That tells us that we have the confidence to continue to stick with our strategy, which is innovative products for our customers, offering good value, charging higher prices when our cost trends tell us we should charge higher prices.
Is that -- is that?
Charlie Gates - Analyst
That was great.
Thank you very much.
Tom Wilson - President & CEO
Sorry I garbled it last time, sometimes I'm trying to talk fast for you guys.
Operator
Our next question is from Michael Phillips of Stifel Nicolaus.
Your question, please?
Michael Phillips - Analyst
Thanks, good morning, everybody.
I guess a good question following up from the last one here and it's the classic growth and margin question related to your standard auto business.
Your margins are, I would say, better than a lot of your competitors on the auto side.
You're growing yet taking modest increases where, as you just said, first quarter, second quarter, there were more decreases than increases.
So how do you think about -- one could say you could get more growth if you weren't taking some increases as much as you were and so how do you think about that balance.
I hear you with your goals for this year with 84 to 86 overall, but kind of going into next year how do you think about that balance?
Tom Wilson - President & CEO
Michael, thank you for the comment.
Actually it sounded positive, which is one of the first few things I've heard.
Michael Phillips - Analyst
It was meant to be.
Tom Wilson - President & CEO
I feel good about the quarter.
It was a tough environment.
We're working hard but we're sticking to our guns and we're making good decisions.
And it's really -- our decision process is really the same as it's always been, which is we want profitable growth.
We're not going to grow and lose money.
We don't think that makes sense.
We think where we're at we can profitably grow from here.
We do recognize that the returns in the standard auto business have been high and that they were going to come down a little bit, which is why we talked about 84 to 86 through the year.
And we've said the average price increases will be less than what we think the frequency and severity increases will be in terms of total cost.
But we think we can manage our way through that and we feel like we are doing that.
And you can see that if you look at our average premium was up about (technical difficulty) percent this quarter, which is higher than it was at the prior quarter and higher than our competitors are.
I can't speak for what they're going to do, but I can say what we're going to do is we want to continue to achieve profitable growth.
Michael Phillips - Analyst
Okay, that's fair.
You've been taking kind of these modest increases overall kind of in general for auto for a couple of quarters it seems like and all the while some of your major competitors haven't been doing so.
You're still getting that growth.
Can you talk about where the PIF growth is coming from in auto?
Tom Wilson - President & CEO
The PIF growth in standard auto?
Michael Phillips - Analyst
Standard auto, yes.
Tom Wilson - President & CEO
In standard auto?
It's coming from - it changes by state, of course, and let me maybe come back to that the modest increase.
I think something George said.
George is doing this by state.
So each state has its own plan, its own strategy.
So in effect in New York we have 12 different strategies.
We have strategies for downstate, upstate, urban areas.
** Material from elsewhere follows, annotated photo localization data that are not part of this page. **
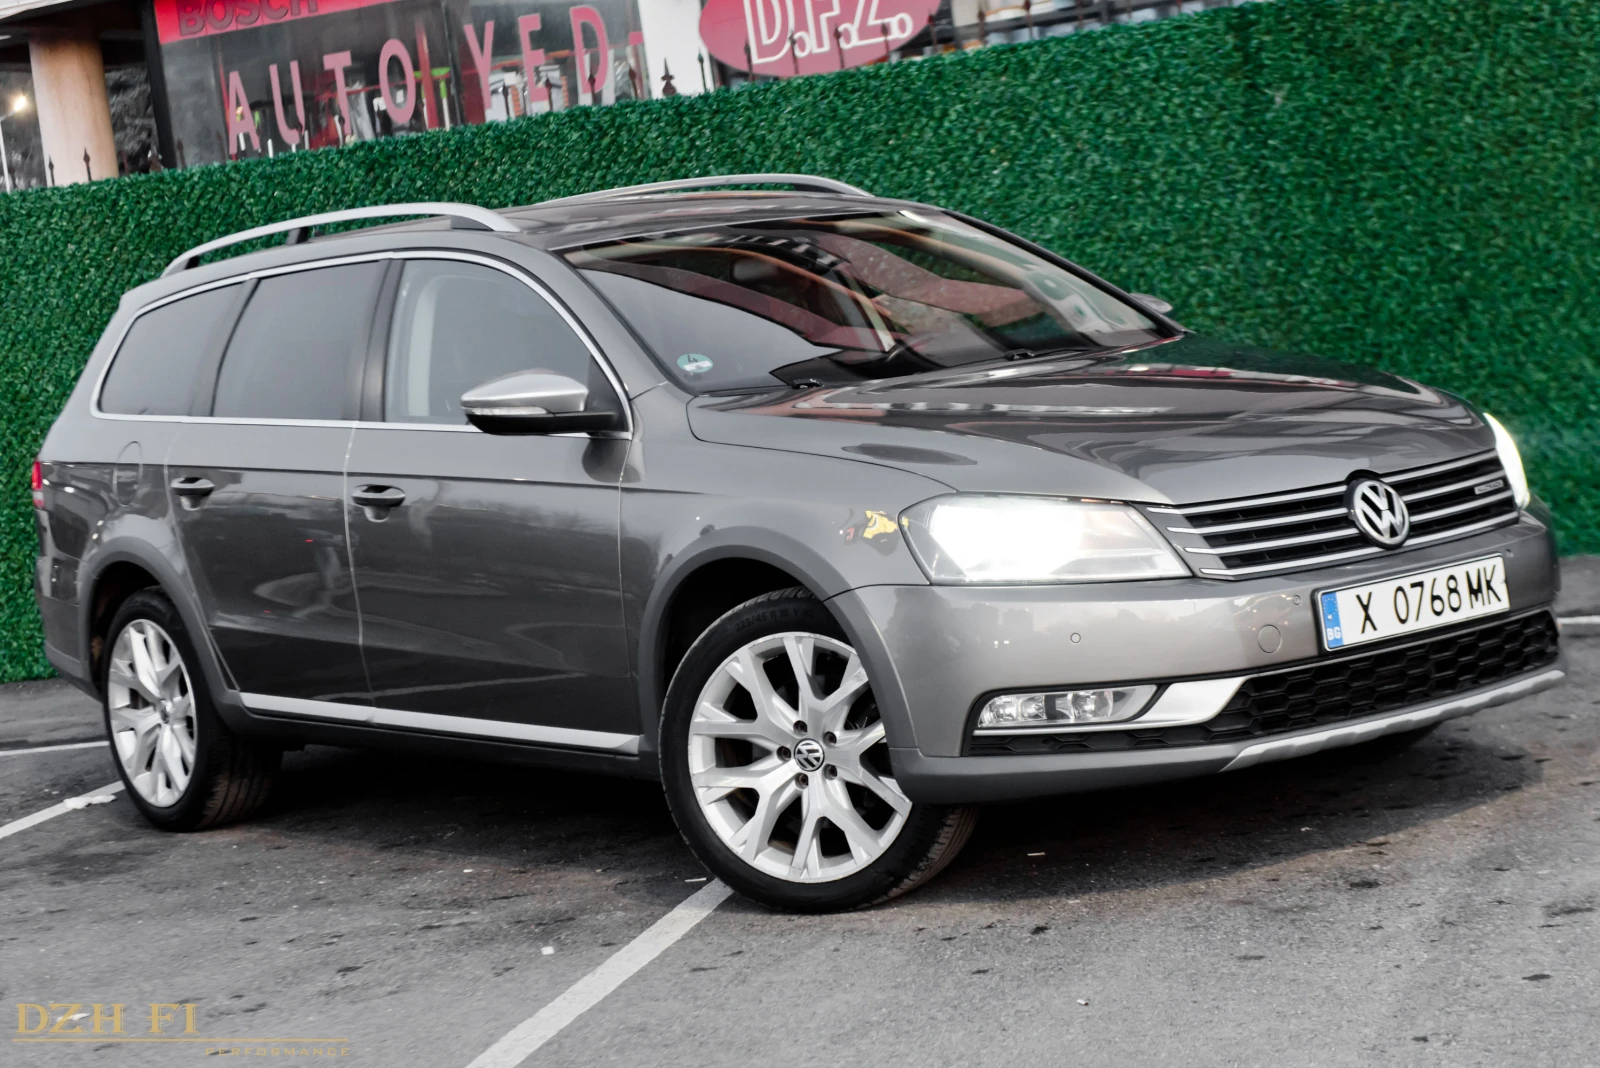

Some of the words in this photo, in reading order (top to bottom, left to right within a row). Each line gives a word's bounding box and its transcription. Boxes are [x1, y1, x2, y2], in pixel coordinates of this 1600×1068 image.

[228, 39, 416, 155] AUTO
[1326, 626, 1342, 641] BG
[1355, 592, 1378, 634] X
[1393, 574, 1462, 625] 0768
[1465, 564, 1502, 609] MK
And so when you step back and look at it in total, we feel very good about our growth in the southeast.
California we're off a little bit, but still growing because we're in a debate with the insurance department as to what our prices should be, which we probably will end up lowering price in California auto.
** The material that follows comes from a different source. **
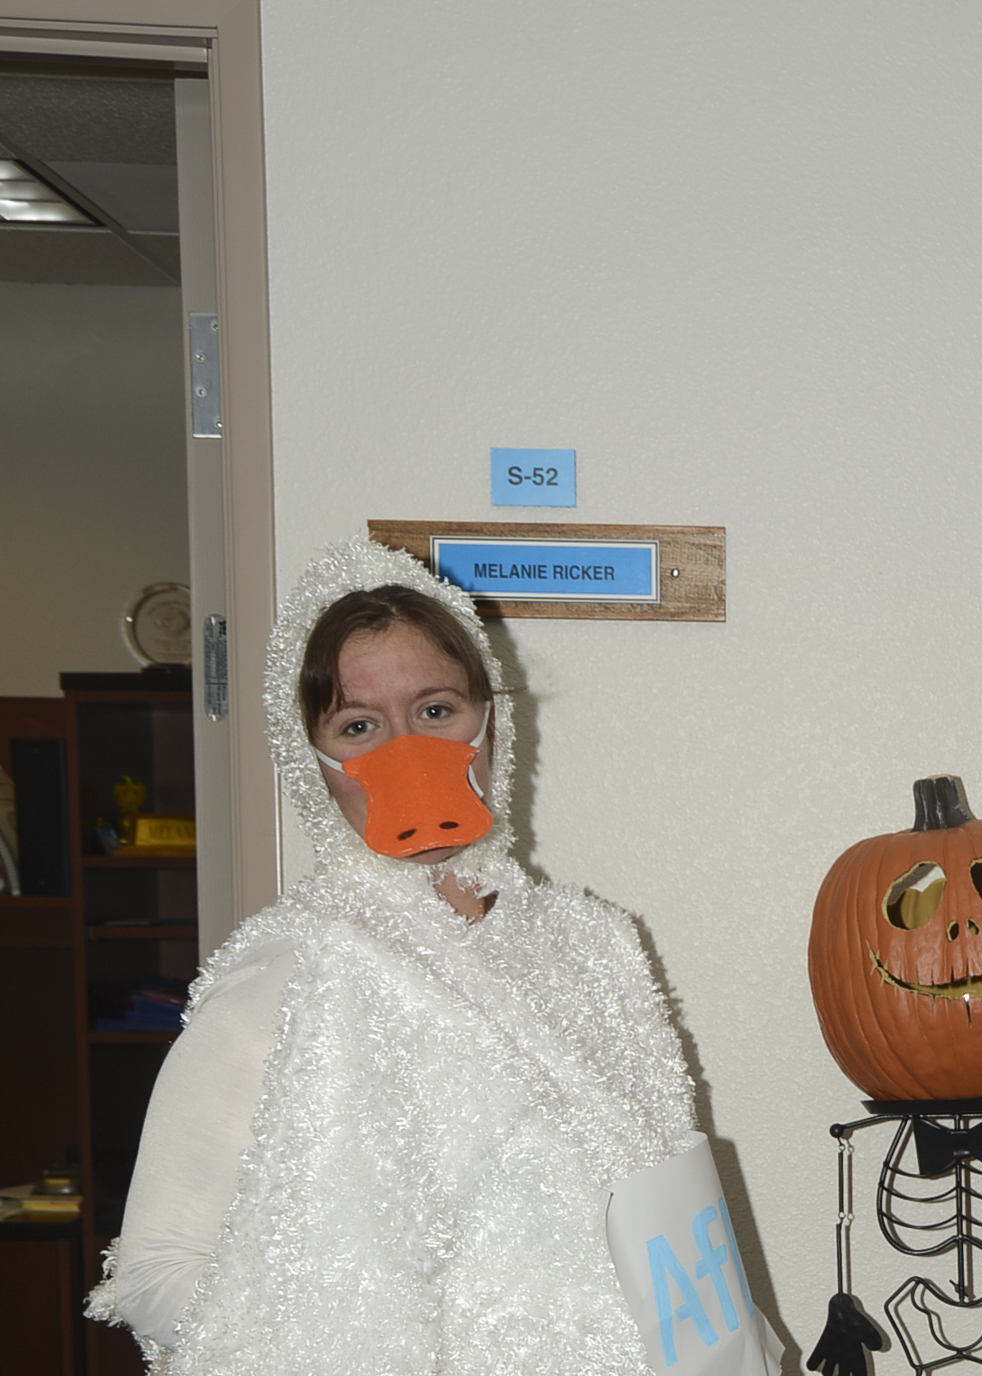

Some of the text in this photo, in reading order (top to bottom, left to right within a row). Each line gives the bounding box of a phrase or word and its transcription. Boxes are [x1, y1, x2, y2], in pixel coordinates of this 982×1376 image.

[507, 466, 559, 486] S-52
[474, 563, 616, 581] MELANIE RICKER
George is shaking his head yes, sometime late this year or early next year.
But so California's off a little bit.
Texas is off a little bit.
New York, we're still doing well.
New Jersey we're doing well.
It varies by state.
The big states continue to be the battle grounds for -- with most of the companies, so each state's a different story.
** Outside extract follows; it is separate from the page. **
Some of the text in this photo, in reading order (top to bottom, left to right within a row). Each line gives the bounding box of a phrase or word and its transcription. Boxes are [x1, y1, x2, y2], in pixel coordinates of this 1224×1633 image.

I don't know how to really answer it other then to say we fight them each block by block.
Michael Phillips - Analyst
That's fine.
I appreciate it, Tom.
Operator
Our next question comes from Matthew Heimermann of JPMorgan Securities.
Your question, please?
Matthew Heimermann - Analyst
Good morning, everyone.
A couple questions.
First, it was about three years ago I think when you -- as you were going through your capital management thought process where you ultimately increased the dividend by, I think, about 20% after -- out of more 10% in previous years.
As we go into next year and given some of the things we are seeing in the margins and the like, are you rethinking the mix of buybacks or dividends at this point?
Tom Wilson - President & CEO
Matt, we always do it in February.
We sit down and look at the dividend.
Our track record has been to increase it every year.
We did do that 20% increase, which was really in reaction to the change in the tax laws.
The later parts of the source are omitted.